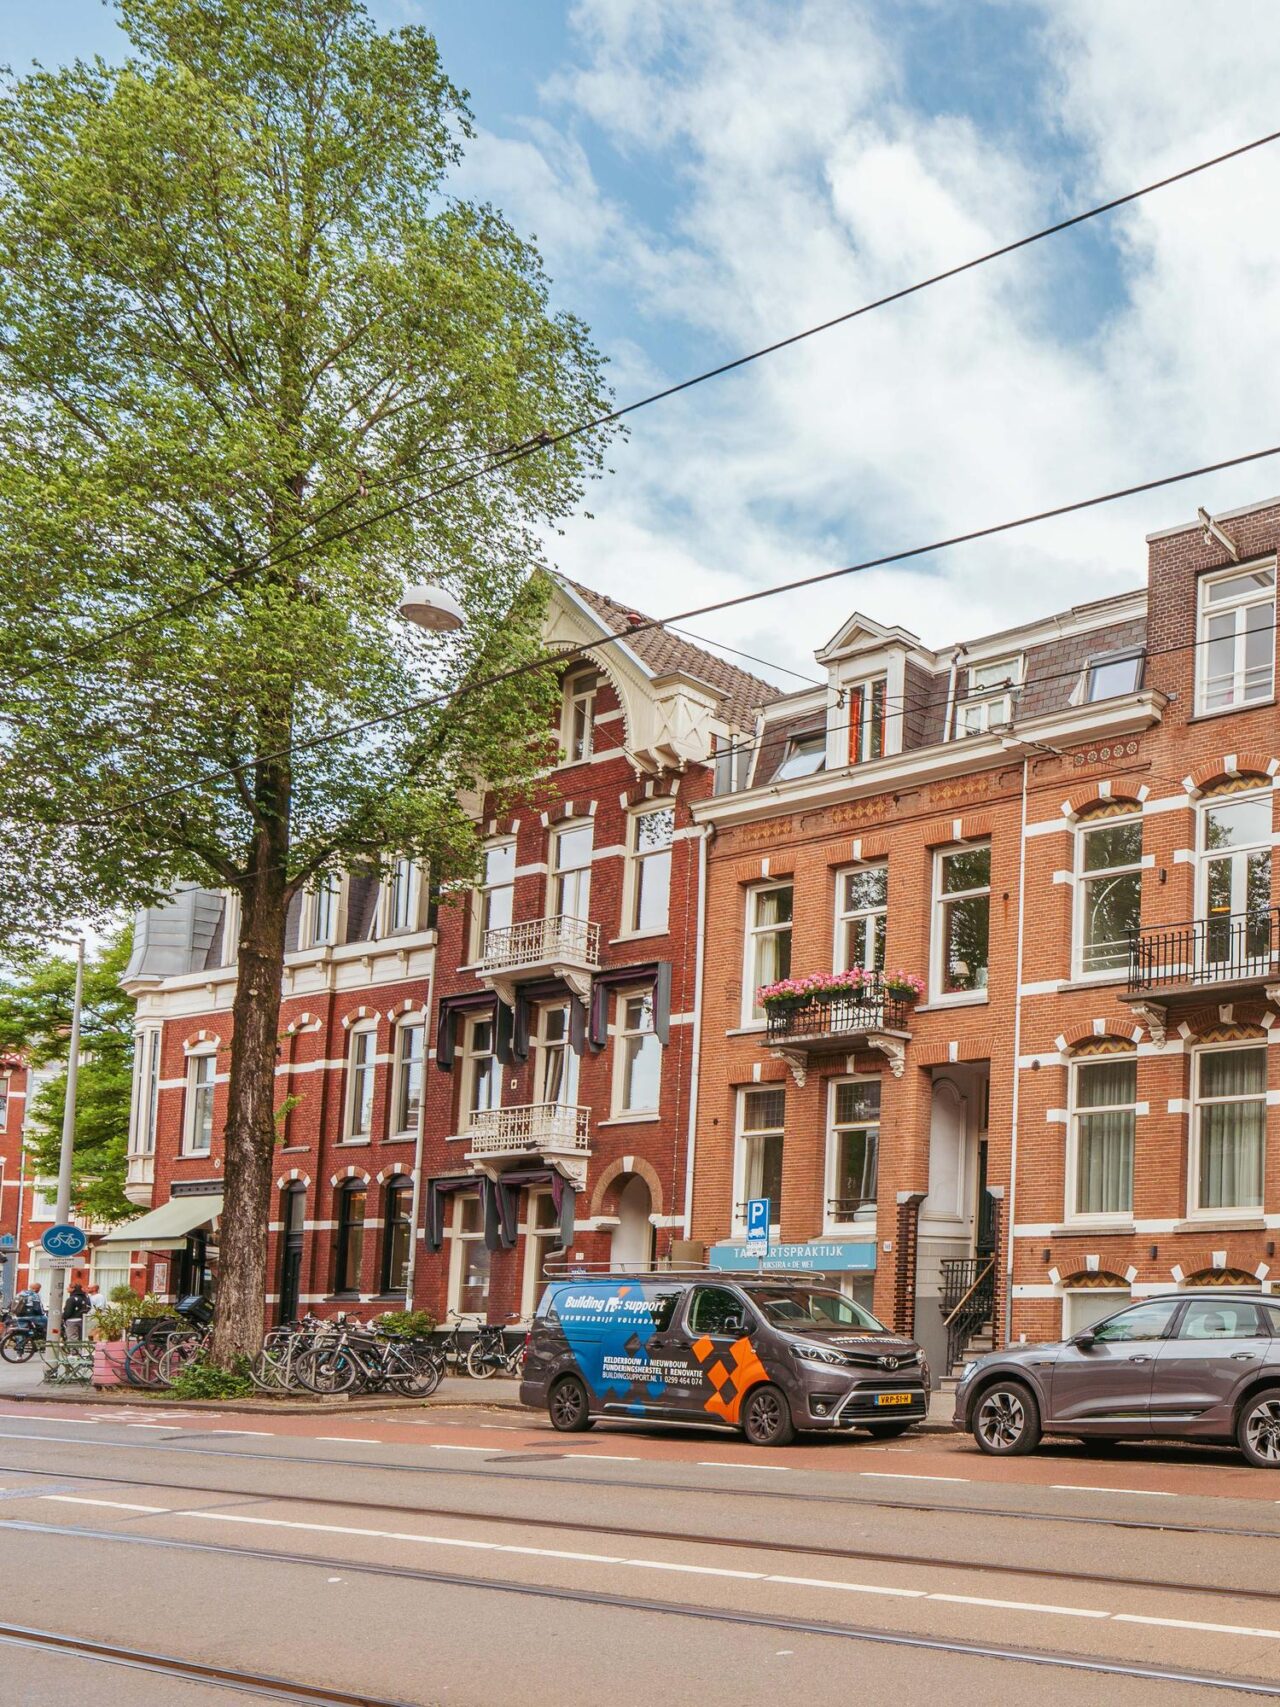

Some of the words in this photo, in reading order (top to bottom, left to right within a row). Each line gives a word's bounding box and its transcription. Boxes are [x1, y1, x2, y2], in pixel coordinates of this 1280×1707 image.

[752, 1203, 764, 1224] P
[565, 1295, 605, 1312] Building
[623, 1299, 666, 1313] support
[617, 1316, 660, 1325] VOLENDAM
[603, 1356, 642, 1366] KELDERBOUW
[649, 1359, 688, 1368] NIEUWBOUW
[602, 1363, 662, 1375] FUNDERINGSHERSTEL
[670, 1369, 703, 1377] RENOVATIE
[602, 1371, 658, 1382] BUILDINGSUPPORT.NL
[664, 1375, 678, 1384] 0299
[679, 1376, 690, 1384] 464

Work request:
Each entry needs to be returned verbatim, with its pictures left out.

Completed task:
Some of the words in this photo, in reading order (top to bottom, left to right within a row). Each line gives a word's bounding box and its transcription. Boxes are [x1, y1, x2, y2], in pixel coordinates of this 1280×1707 image.

[752, 1203, 764, 1224] P
[565, 1295, 605, 1312] Building
[623, 1299, 666, 1313] support
[617, 1316, 660, 1325] VOLENDAM
[603, 1356, 642, 1366] KELDERBOUW
[649, 1359, 688, 1368] NIEUWBOUW
[602, 1363, 662, 1375] FUNDERINGSHERSTEL
[670, 1369, 703, 1377] RENOVATIE
[602, 1371, 658, 1382] BUILDINGSUPPORT.NL
[664, 1375, 678, 1384] 0299
[679, 1376, 690, 1384] 464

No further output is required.